» **WHAT THE EXERCISE ASKS**
Copy out all of the lines below exactly; the pictures do not belong in the copy.

Data items
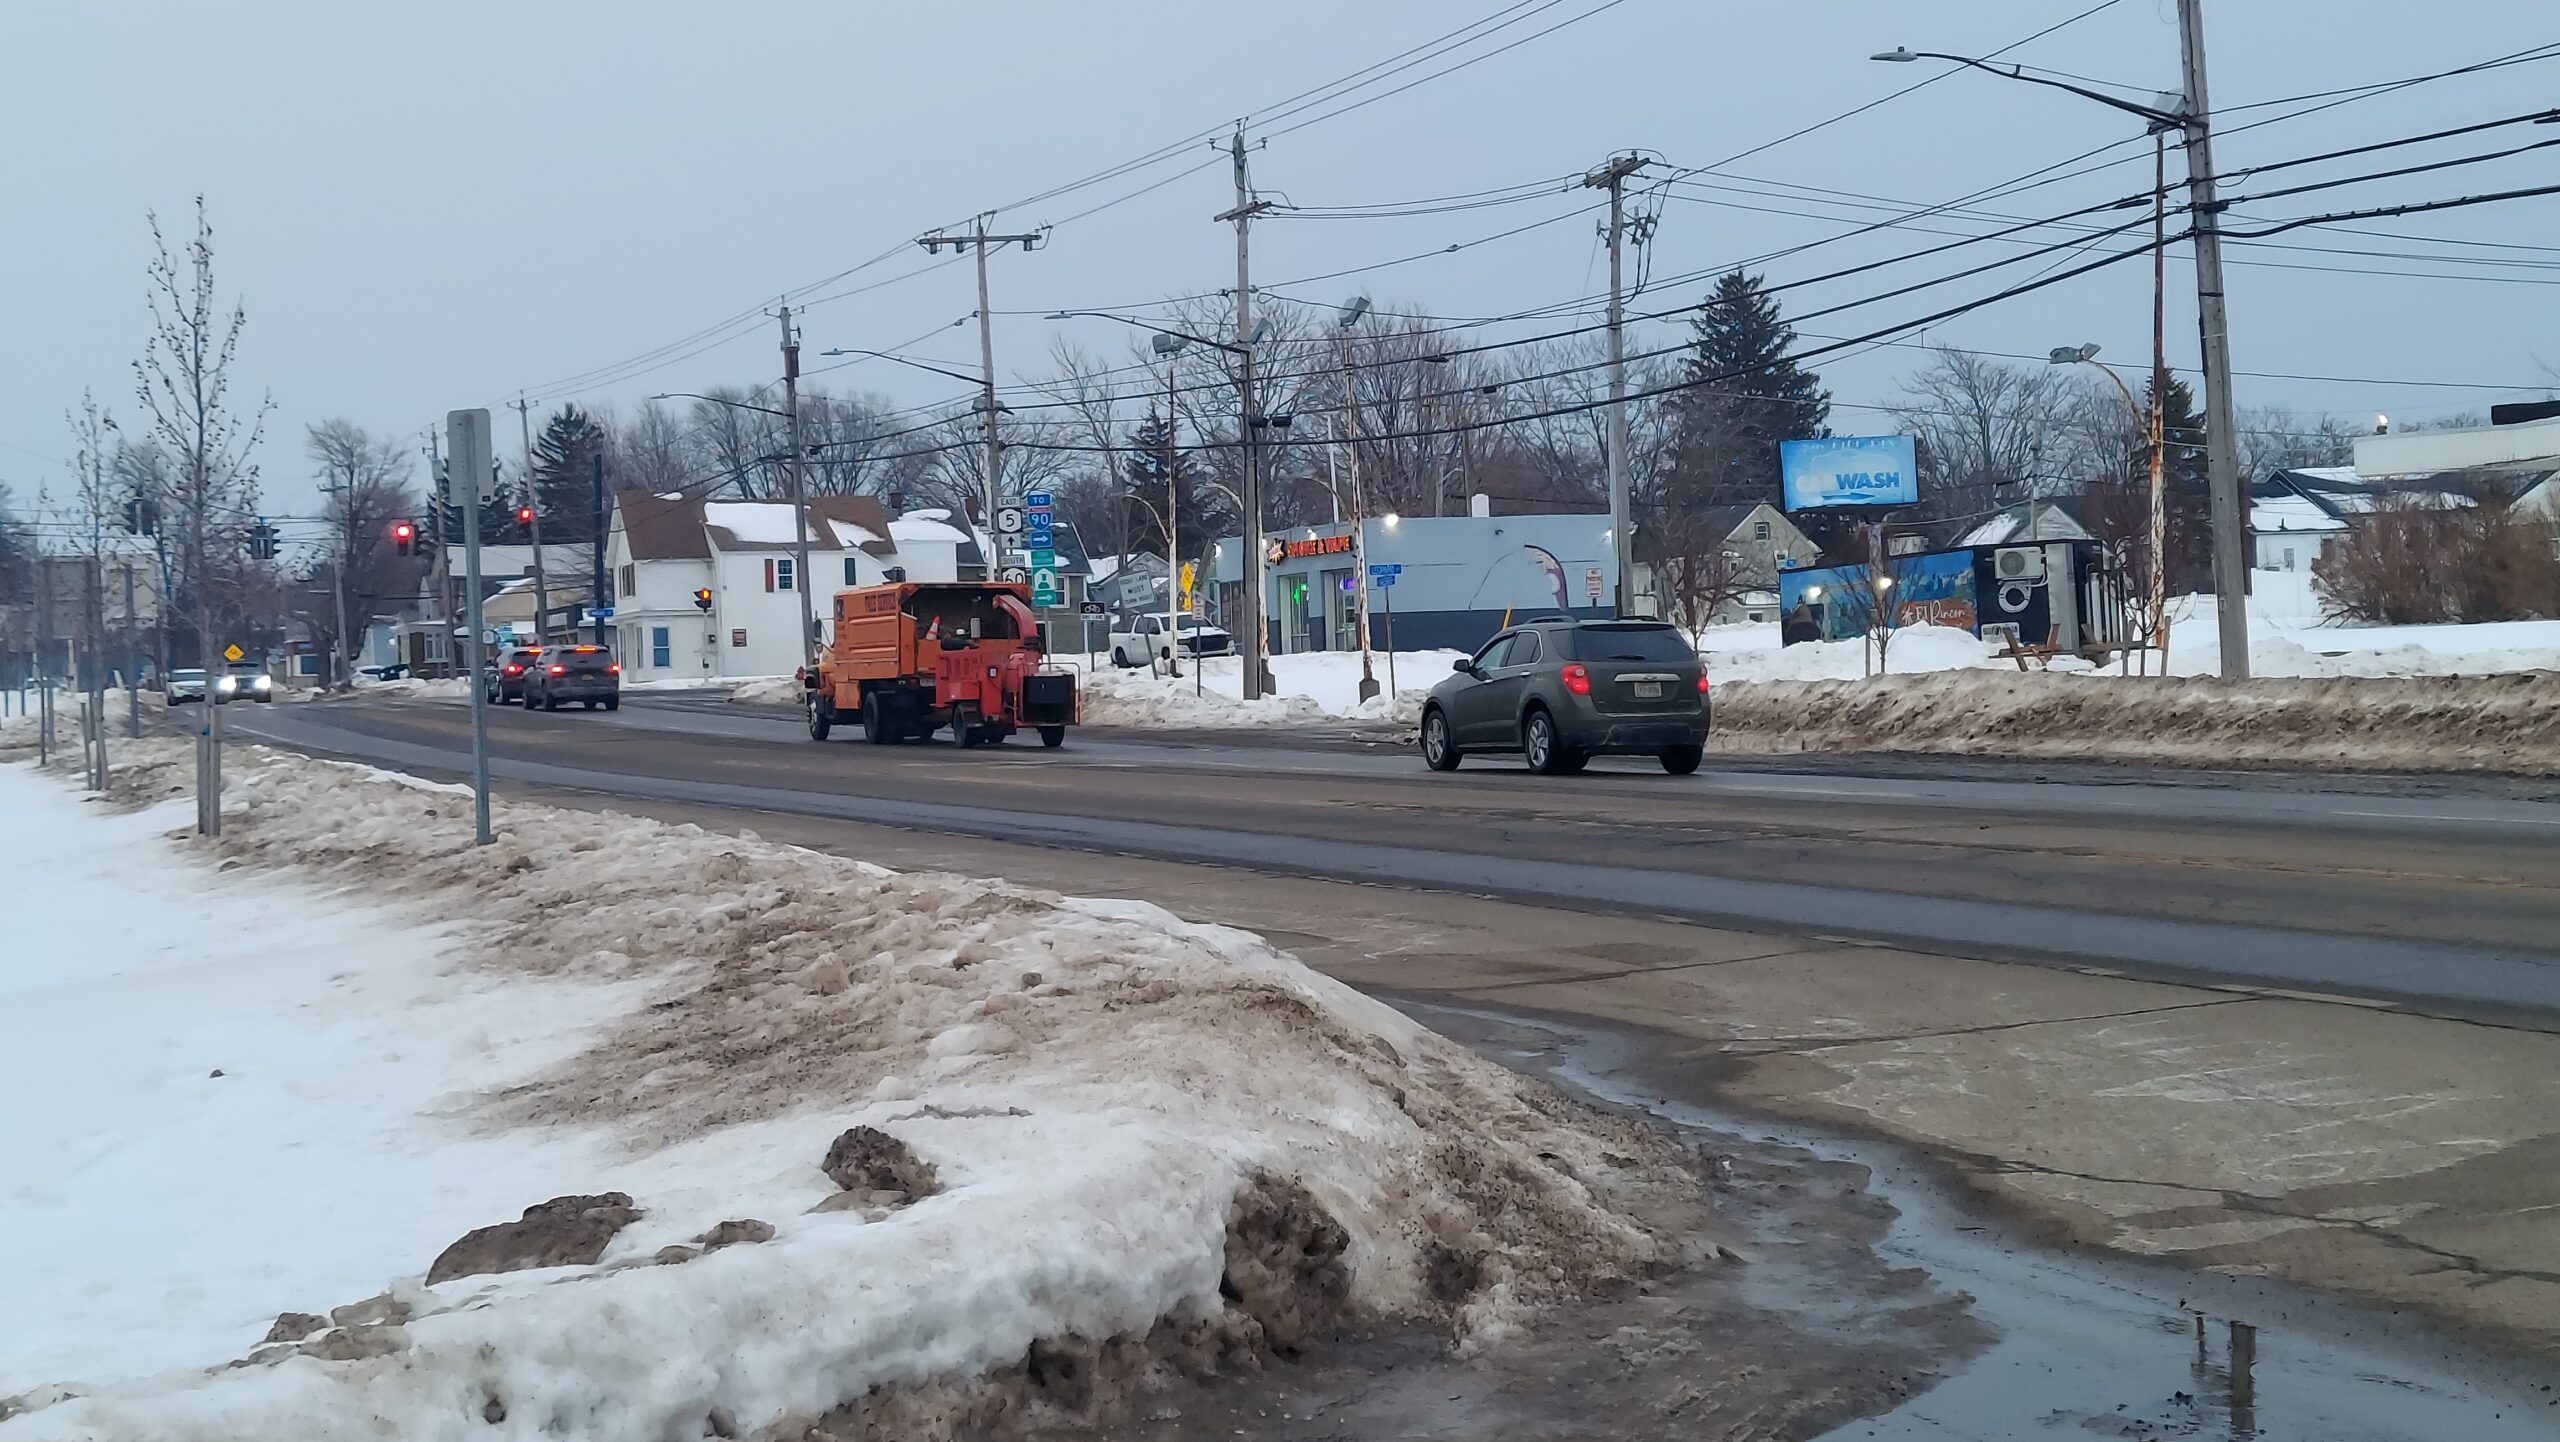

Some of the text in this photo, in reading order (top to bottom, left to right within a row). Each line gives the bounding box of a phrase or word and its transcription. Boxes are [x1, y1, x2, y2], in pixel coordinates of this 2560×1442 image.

[1836, 472, 1900, 490] WASH
[1001, 498, 1017, 506] EAST
[1032, 497, 1045, 505] TO
[1006, 514, 1015, 527] 5
[1031, 514, 1049, 525] 90
[1003, 557, 1023, 566] SOUTH

» **RESPONSE TO THE EXERCISE**
Some of the text in this photo, in reading order (top to bottom, left to right within a row). Each line gives the bounding box of a phrase or word and its transcription. Boxes are [x1, y1, x2, y2], in pixel coordinates of this 2560×1442 image.

[1836, 472, 1900, 490] WASH
[1001, 498, 1017, 506] EAST
[1032, 497, 1045, 505] TO
[1006, 514, 1015, 527] 5
[1031, 514, 1049, 525] 90
[1003, 557, 1023, 566] SOUTH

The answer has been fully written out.